Typical morphologies of the Co, Ru, and Co-Ru alloy products obtained under the optimized autoclaving conditions (120°C, 10 h, 10°C/min) are presented in Figure 1. As seen, fern-like cobalt species composed of numerous leaflets of up to several microns in length are formed in the solution without the ruthenium precursor (Figure 1(a)). Both the shape of metallic Co0 species and sub-μM thickness of leaflets imply a huge surface area. The shape and size of pure Ru0 species grown under the same autoclaving conditions differ significantly (Figure 1(b)). In this case, both separate spherical crystals of submicrometer size and the tangled ones forming spherical aggregates are formed. The morphology of bimetallic Co-Ru products produced by the same way was studied herein varying the concentrations ratio, [Co2+/Ru3+], from 10 : 0.25 to 10 : 2 and the reaction temperature within the [110–150]°C range. In this way, we have found that increasing in [Ru3+] concentration results in the formation of Co-Ru species with a higher content of ruthenium attaining 12 wt%. Note that in most synthesis cases, the products obtained are bowl-shaped differing in size and dispersion of their diameters (Figure 1(c)). Besides, the surface of Co-Ru alloy bowls is not smooth and looks trenched (Figure 1(d)). It is also seen that some parts of Co-Ru dumplings, differing in size, are combined together implying that the growth of these crystallites proceeds via “oriented attachment” pathway by which nanoparticles with common crystallographic orientations combine .
To determine if Co-Ru particles could be generated in the same alkaline Co(II) and Ru(III) precursor solutions with sodium citrate at ambient pressure, control experiments at 20°, 40°, and 70°C were conducted. By this way, it was found that the reduction of cobalt and ruthenium species at room temperature proceeds exceptionally at a low rate without the formation of alloyed nanoparticles even during several days, while, at 40°C, Co-Ru alloy coats the glass-reactor walls just after several minutes (Figure 2(a)). The detailed observations revealed that these films are composed of numerous micrometer-sized particles of Co-Ru alloy (Figure 2(b)). However, only 30 to 43% of ruthenium species were reduced under these conditions. Besides, the increase in the reaction temperature up to 70°C results into extremely intensive evolution of NH3 gas and uncontrollable reaction directed to the formation of film material.
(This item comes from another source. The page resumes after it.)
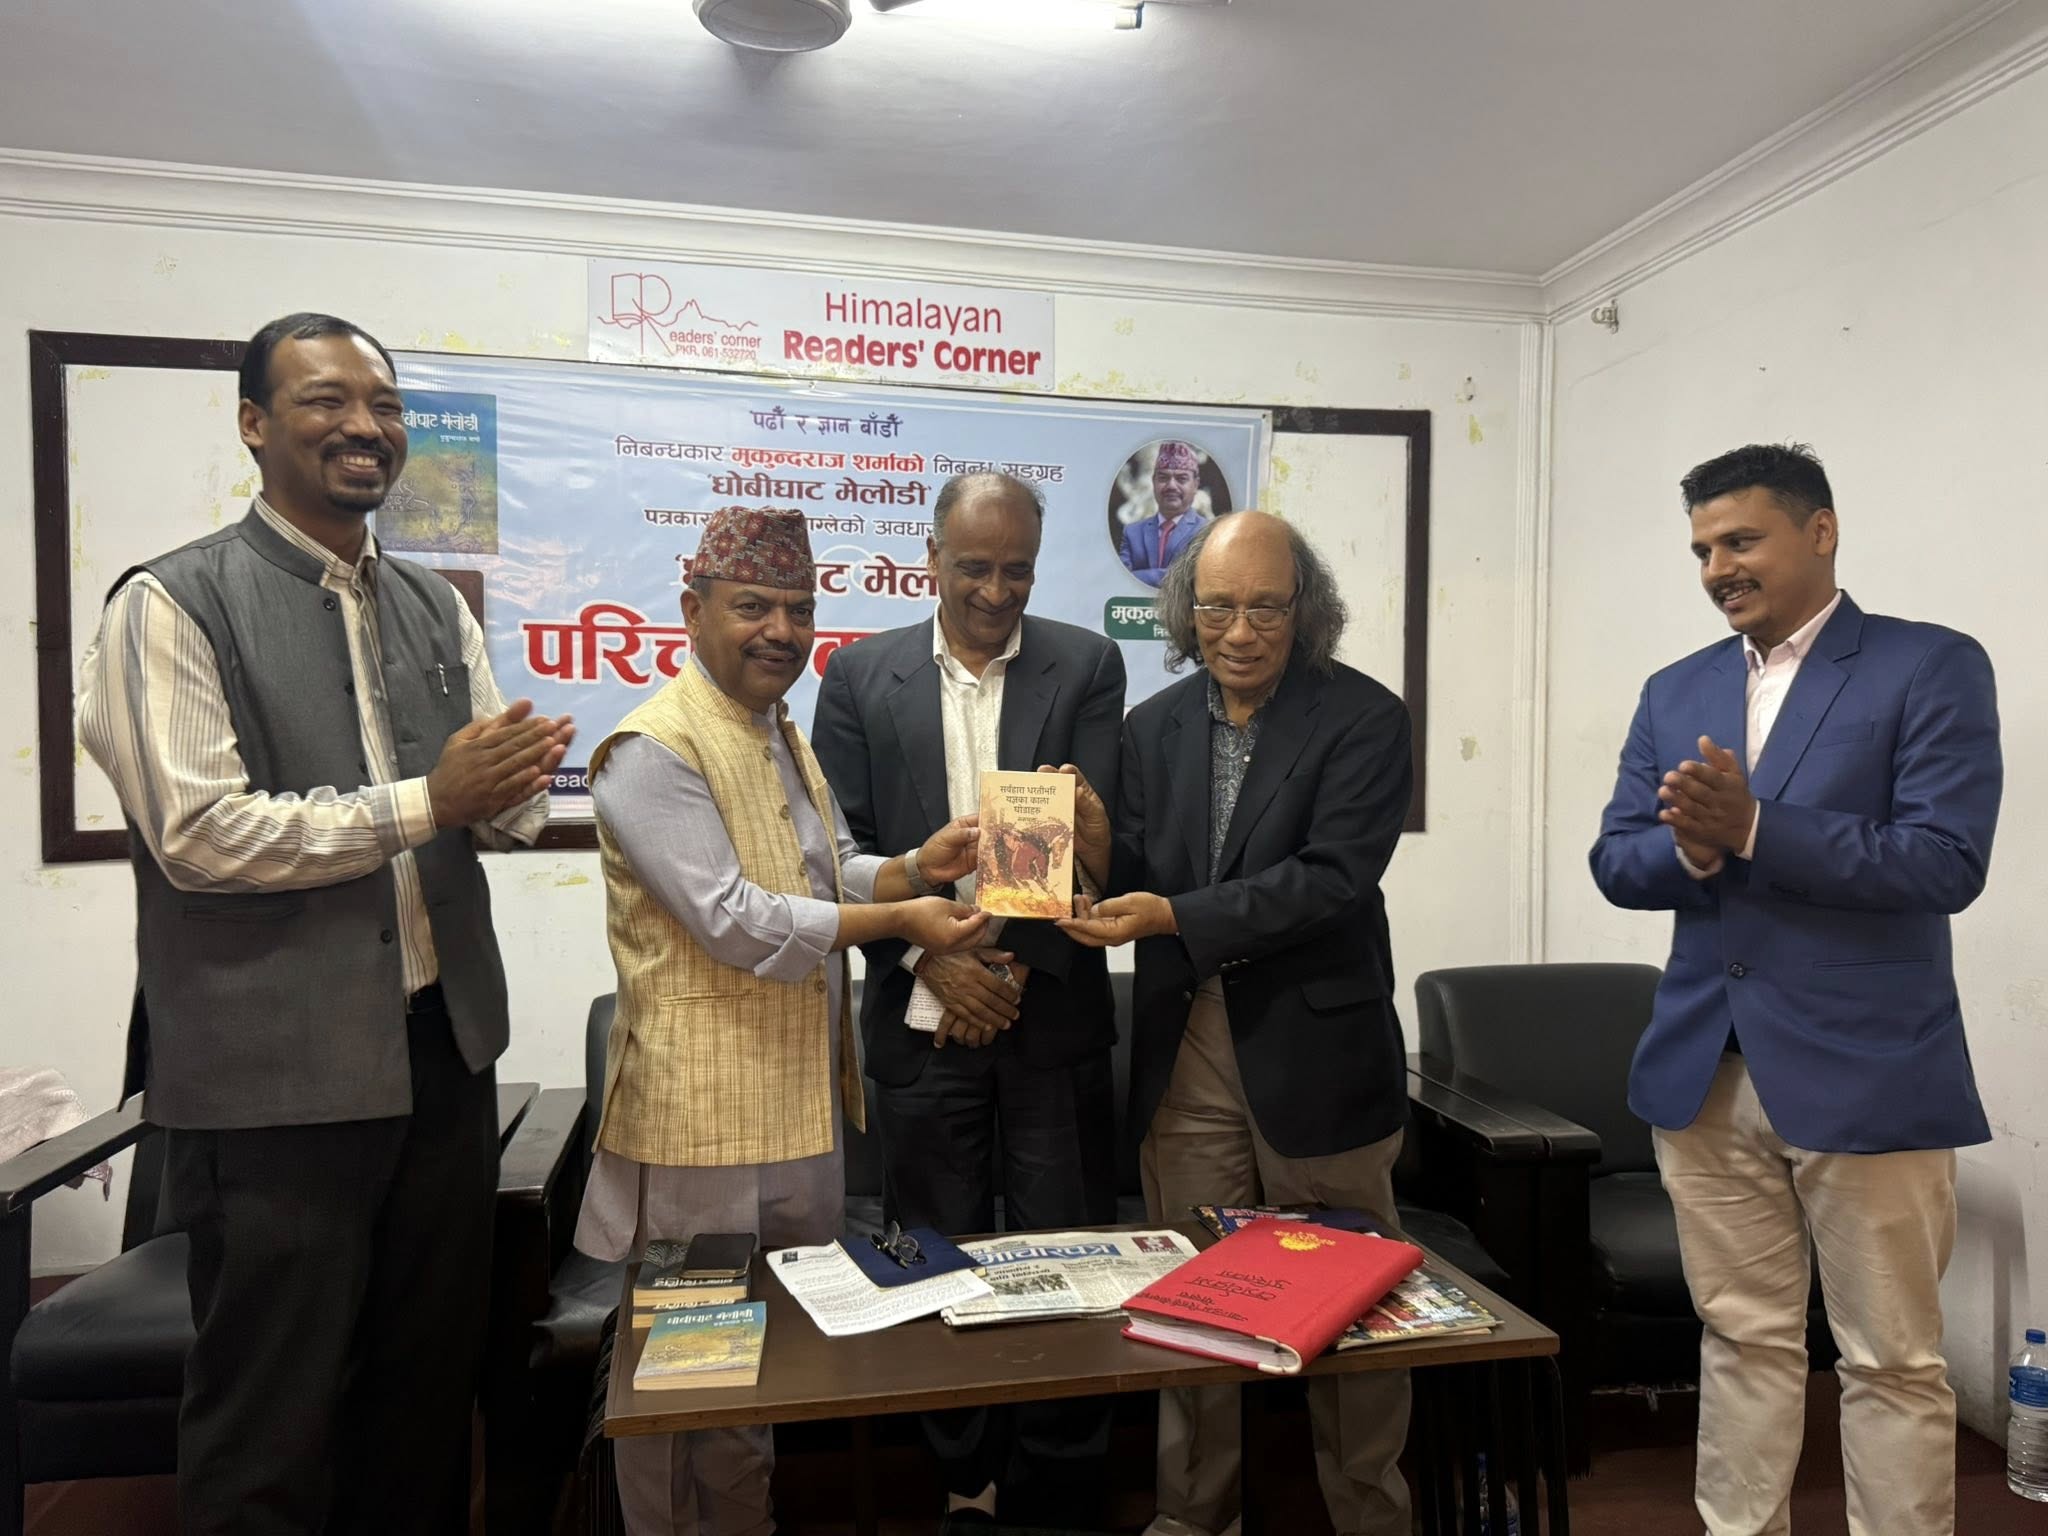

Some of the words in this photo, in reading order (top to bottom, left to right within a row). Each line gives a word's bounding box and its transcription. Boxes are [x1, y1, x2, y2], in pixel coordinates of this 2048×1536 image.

The XRD pattern (Figure 3(a)) of the Co-Ru alloy particles, obtained by autoclaving under conditions of this study and containing up to 7 wt% of ruthenium, comprises six peaks at 2Θ = 41.15°, 44.34°, 46.88°, 61.80°, 75.03°, and 83.28° attributable to the hexagonal close-packed (hcp) space group p63/mmc(194) of crystalline cobalt (PDF 01-071-4652) peaked at 2Θ = 41.44°, 44.08°, 47.22°, 62.10°, 75.58°, and 83.35°. A certain shift in experimental diffraction lines towards lower diffraction angles ought to be attributed to the formation of a solid solution of Ru in Co distorting the crystalline lattices of Co. The XRD pattern of Co-Ru alloy particles, containing more Ru, is more complex (Figure 3(b)). Except the main diffraction peaks assigned to Co alloy, there are some weak additional peaks and shoulders, for example, at 2Θ diffraction angles 35.01° and 71.53°. We suspect that in this case other finely grained crystalline phases in the solid solution of Ru in Co, such as Co(Co1.108Ru0.892)O4 indicated in PDF card no. 01-089-8629, could be formed.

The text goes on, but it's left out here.